Now, we have to write a function that creates an image that is called every time the Bokeh plot is updated.

In [5]:
def create_image(x_range, y_range, w, h):
    cvs = ds.Canvas(x_range=x_range, y_range=y_range, plot_height=int(h), 
                    plot_width=int(w))
    agg = cvs.points(df, 'x', 'y')
    return ds.transfer_functions.shade(agg, cmap=ds.colors.viridis, how='linear')

Finally, we set up the figure using Bokeh. Then, DataShader paints an interactive image on the Bokeh figure. It gives us access to Bokeh's great zoom tools. Let's give it a shot.

In [6]:
p = bokeh.plotting.figure(height=350, width=400, x_range=x_range, y_range=y_range,
                          x_axis_label='x', y_axis_label='y')
ds_bokeh_ext.InteractiveImage(p, create_image)
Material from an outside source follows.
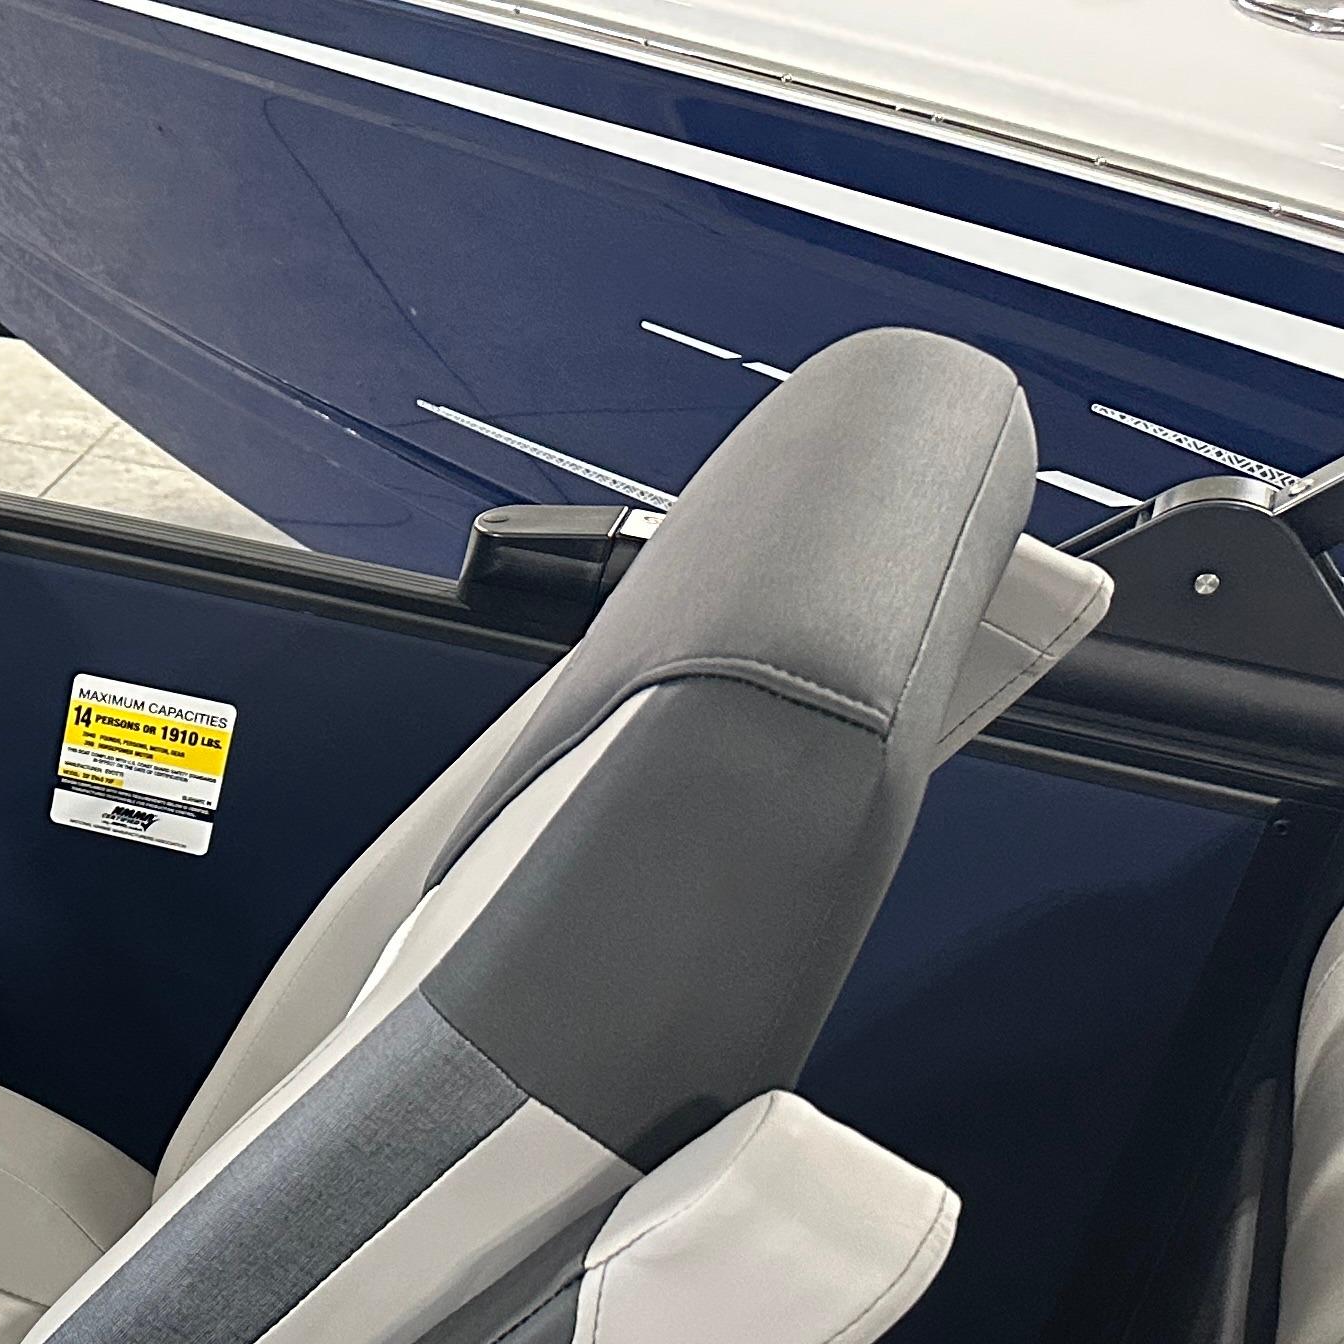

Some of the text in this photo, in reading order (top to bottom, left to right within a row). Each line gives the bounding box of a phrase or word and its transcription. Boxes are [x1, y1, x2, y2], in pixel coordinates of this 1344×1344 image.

This gives a more true picture of how the data look. They are dense around the center, and fade out away from there. Now, 100,000 points is not very big. DataShader really shines when we have huge data sets. Let's try 10,000,000 data points. Bokeh (or Matplotlib) would have a really tough time rendering this, and there would be really awful overlap of data points rendering interpretation nearly impossible.

In [7]:
# Generate random points and put in DataFrame
x = np.random.standard_t(5, size=10000000)
y = np.random.normal(0, 10, size=10000000)
df = pd.DataFrame(data={'x': x, 'y': y})
x_range, y_range = data_range(df)

p = bokeh.plotting.figure(height=350, width=400, x_range=x_range, y_range=y_range,
                          x_axis_label='x', y_axis_label='y')
ds_bokeh_ext.InteractiveImage(p, create_image)

This is much clearer. Thank you, DataShader!